Nella storia della birra sono presenti alcuni elementi che consideriamo marginali, ma che invece hanno giocato un ruolo fondamentale nell’evoluzione della bevanda. Pensiamo alla produzione all’interno delle fattorie: facile considerarla alla stregua di una curiosità, invece è stata determinante per la cultura brassicola di un’ampia parte d’Europa, che va indicativamente dalla Francia occidentale fino alla Scandinavia e ai paesi baltici. Lo stesso discorso si può estendere ai monasteri, che per diversi secoli hanno rappresentato il luogo più importante per la produzione birraria. Oggi siamo portati a pensare che la birra realizzata nelle strutture religiose sia una simpatica stravaganza o al massimo l’espressione di un microcosmo con regole proprie; in realtà le abbazie hanno giocato un ruolo di primissimo piano nella storia della birra, influenzandone lo sviluppo e favorendo l’adozione di innovazioni decisive. Insomma, senza i monasteri oggi la birra sarebbe probabilmente molto diversa da quella che beviamo quotidianamente.

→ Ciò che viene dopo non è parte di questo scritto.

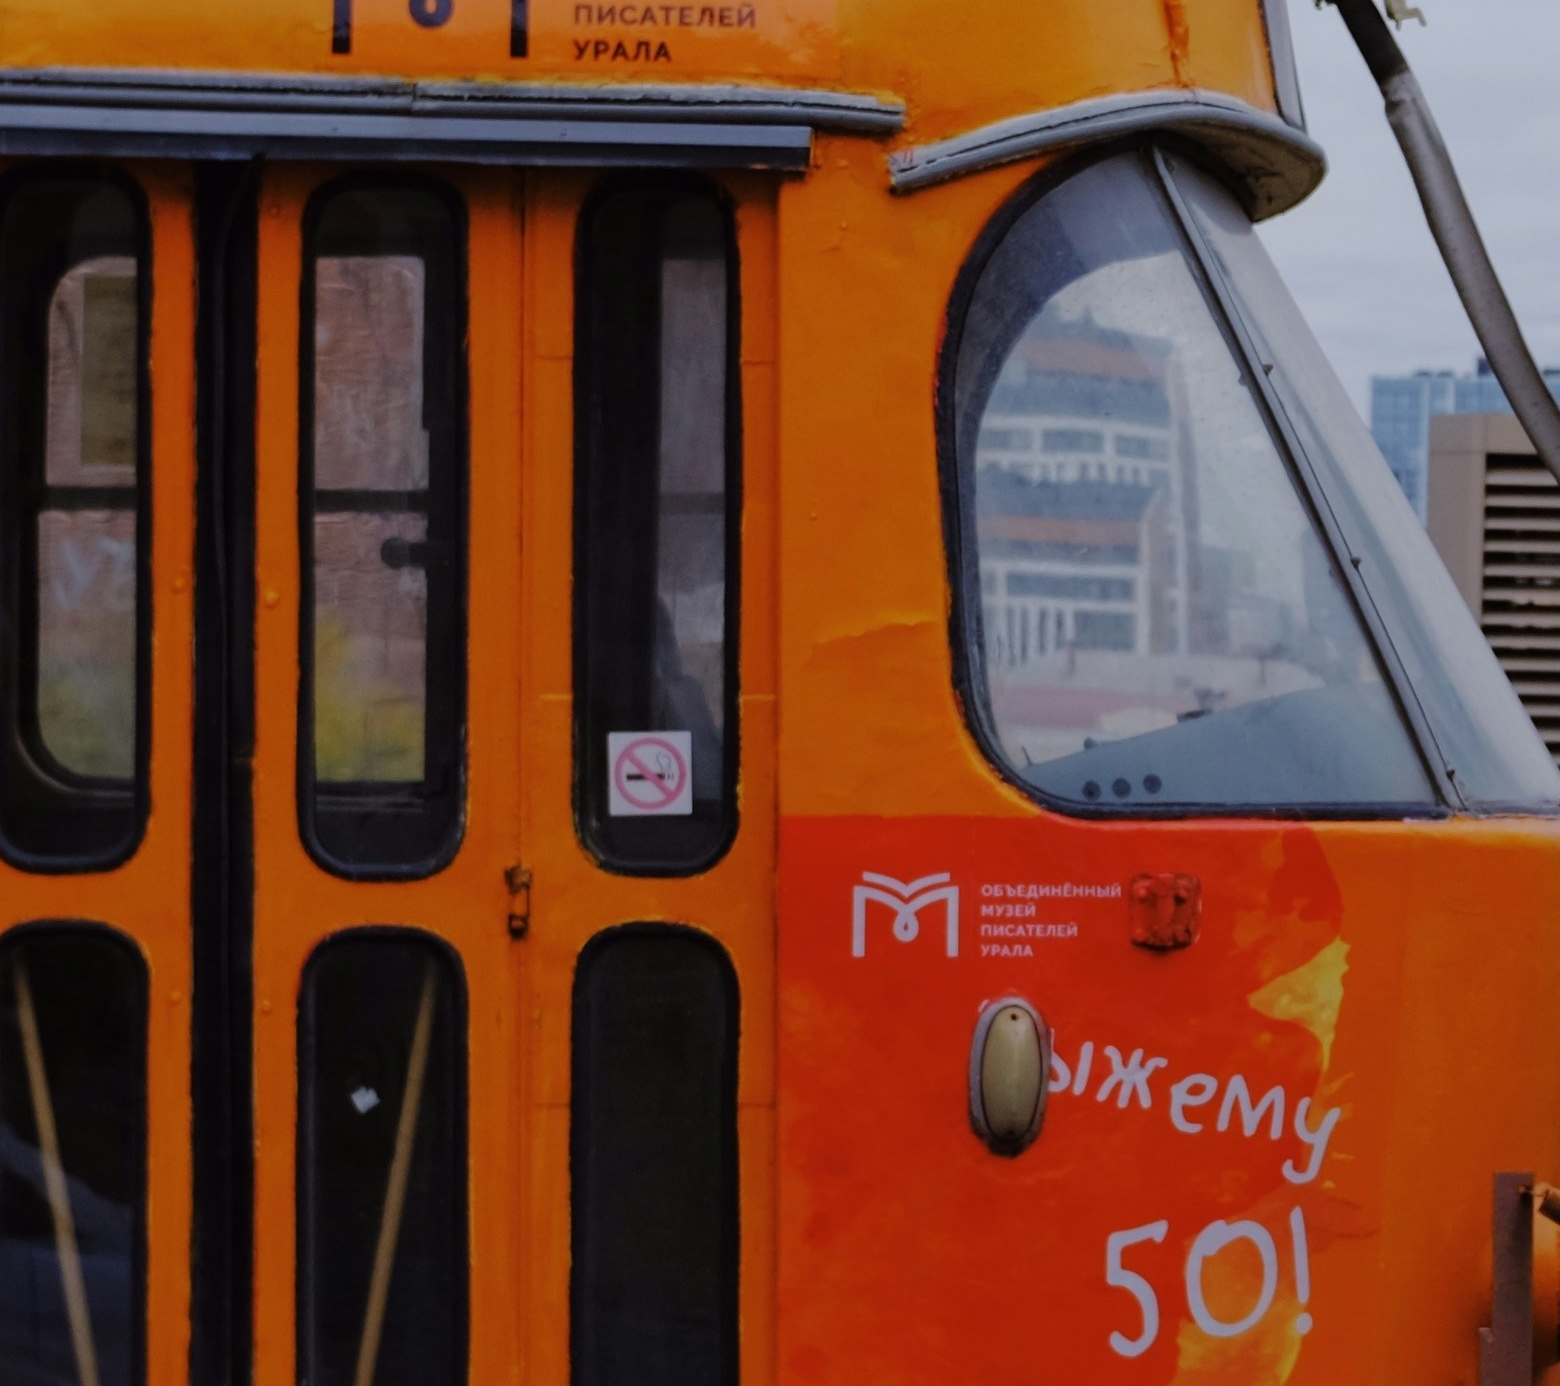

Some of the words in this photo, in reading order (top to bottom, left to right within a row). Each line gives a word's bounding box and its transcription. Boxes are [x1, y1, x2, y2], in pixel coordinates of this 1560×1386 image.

[574, 2, 757, 28] ПИСАТЕЛЕЙ
[573, 39, 672, 62] УРАЛА
[981, 883, 1121, 899] ОБЪЕДИНЁННЫЙ
[981, 902, 1036, 917] МУЗЕЙ
[981, 922, 1078, 937] ПИСАТЕЛЕЙ
[980, 944, 1034, 957] УРАЛА
[1048, 1029, 1340, 1183] ыжему
[1104, 1205, 1313, 1358] 50!

L’ascesa dei monasteri come luoghi di produzione – anzi, come primi luoghi di produzione su grande scala – coincise con la caduta dell’Impero Romano e la diffusione del Cristianesimo. La birra era un alimento a tutti gli effetti, fondamentale per il sostentamento delle comunità religiose. La bevanda era facile da produrre e considerata decisamente più salubre dell’acqua, spesso paludosa e di pessimo gusto. I frati producevano birra per il loro consumo interno, ma anche per i pellegrini, i meno abbienti e tutti coloro che erano interessati ad acquistare le produzioni dei monasteri. Con l’avanzamento del processo di secolarizzazione gli ordini religiosi entrarono in crisi e chiaramente persero il loro ruolo guida in termini brassicoli, tanto che oggi diversi birrifici monastici sono di proprietà laica. Inutile poi sottolineare le differenze con tutti quei marchi che semplicemente sfruttano su licenza il nome di un monastero o di un’abbazia, restando però totalmente privati.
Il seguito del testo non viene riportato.